= Beginning of Section =

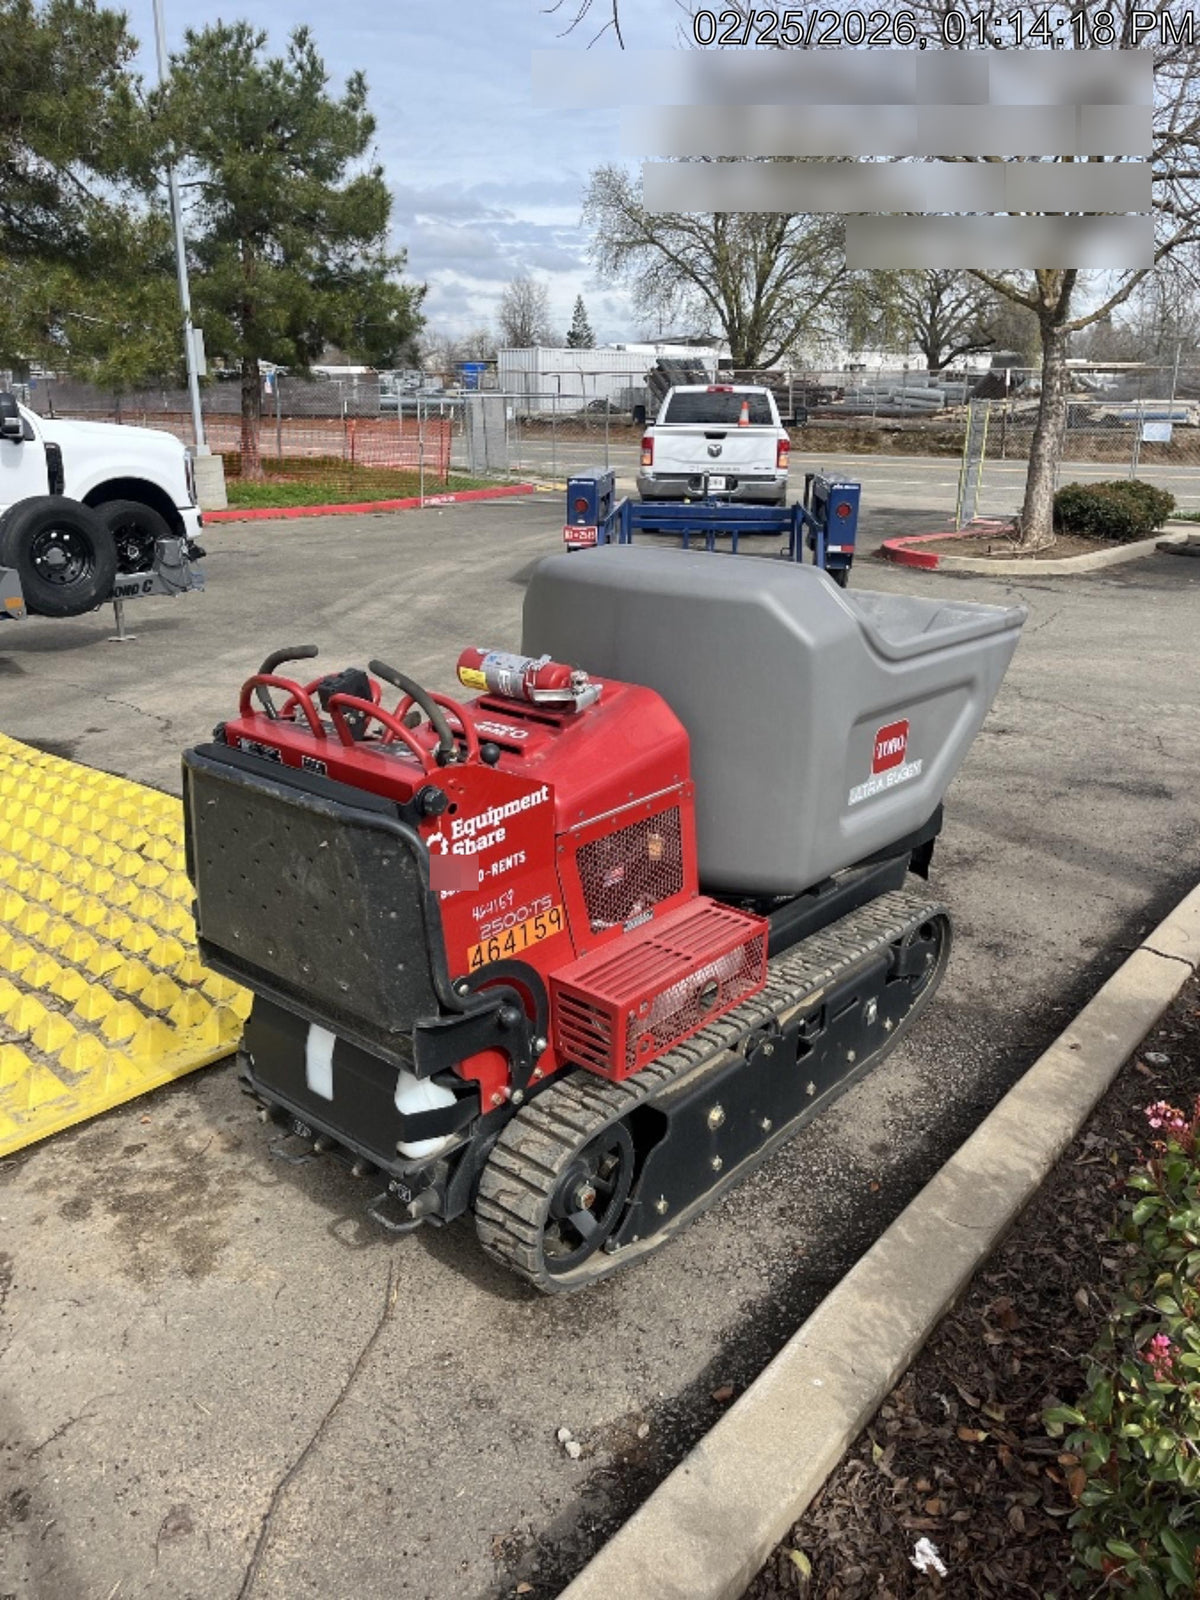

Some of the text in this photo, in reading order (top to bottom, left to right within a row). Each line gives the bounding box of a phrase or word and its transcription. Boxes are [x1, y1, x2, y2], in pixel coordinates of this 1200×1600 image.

[451, 785, 550, 840] Equipment
[452, 827, 506, 856] Share
[471, 908, 561, 968] 464159
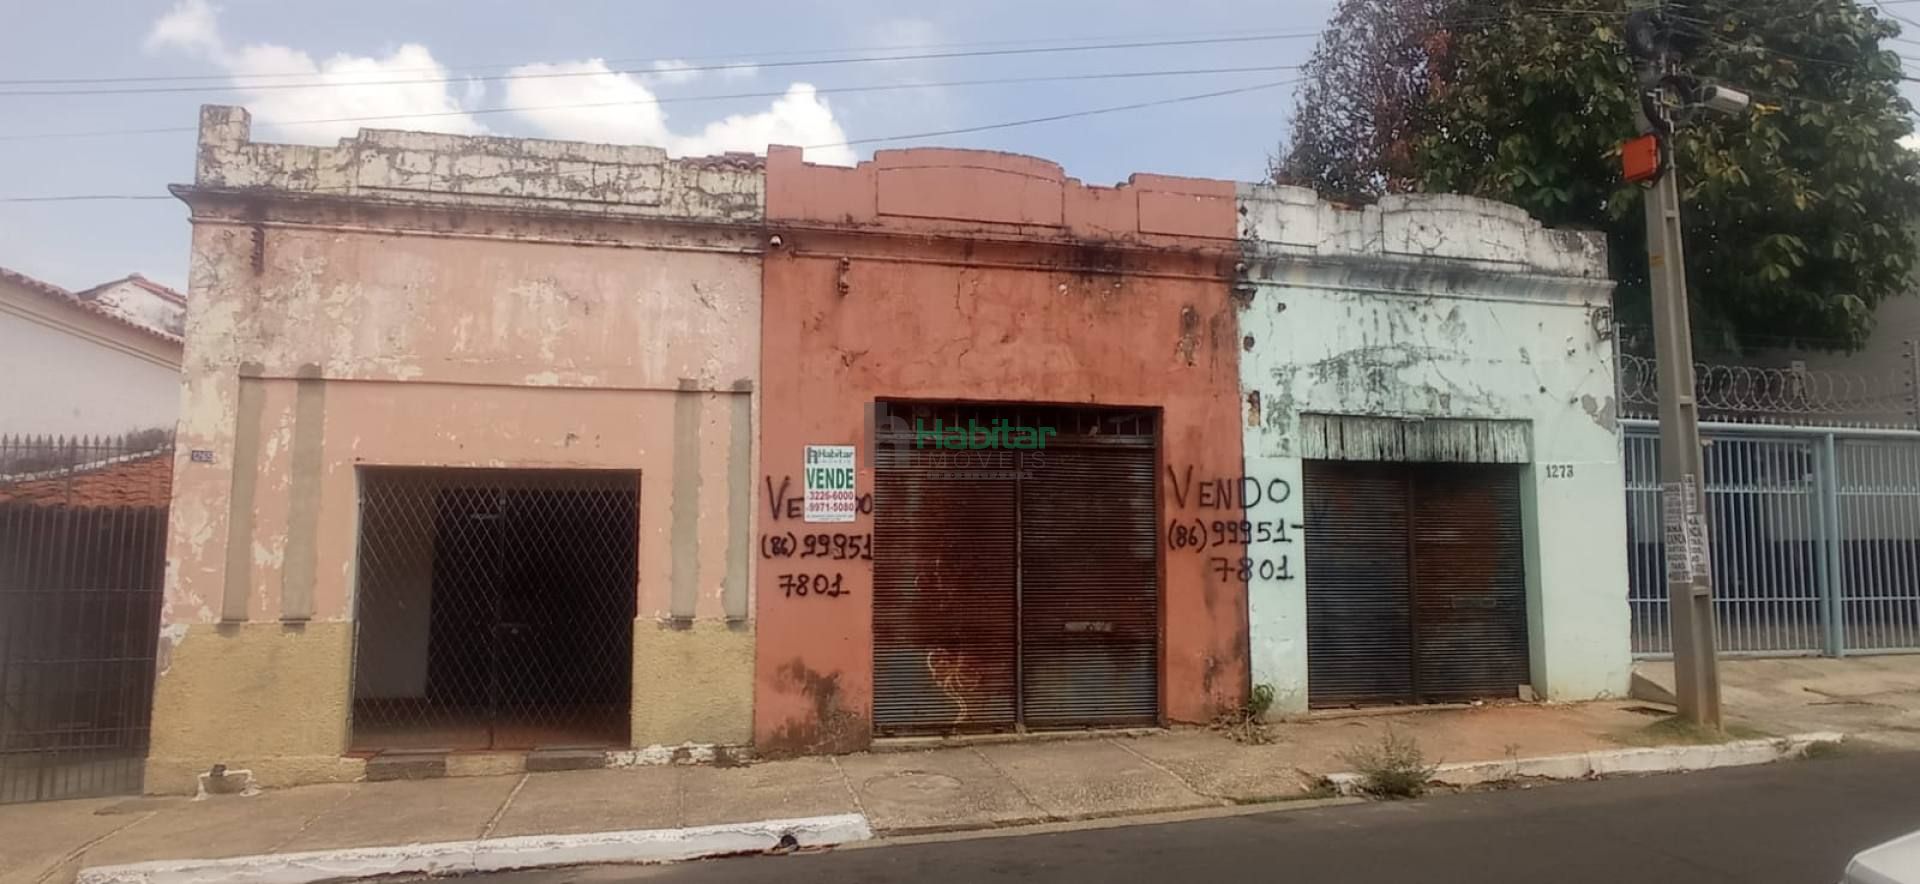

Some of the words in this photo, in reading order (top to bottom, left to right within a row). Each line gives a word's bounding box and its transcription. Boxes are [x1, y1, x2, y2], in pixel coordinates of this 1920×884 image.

[806, 468, 853, 489] VENDE
[1546, 464, 1574, 479] 1273
[1167, 464, 1290, 510] VENDO
[1211, 555, 1294, 583] 7801
[778, 572, 851, 598] 7801

= End of Section =

▸ **Work task**
Print, exactly and only, the lines running from the one with "Some of the words" to the end of the data above.

▸ **Output for this task**
Some of the words in this photo, in reading order (top to bottom, left to right within a row). Each line gives a word's bounding box and its transcription. Boxes are [x1, y1, x2, y2], in pixel coordinates of this 1920×884 image.

[806, 468, 853, 489] VENDE
[1546, 464, 1574, 479] 1273
[1167, 464, 1290, 510] VENDO
[1211, 555, 1294, 583] 7801
[778, 572, 851, 598] 7801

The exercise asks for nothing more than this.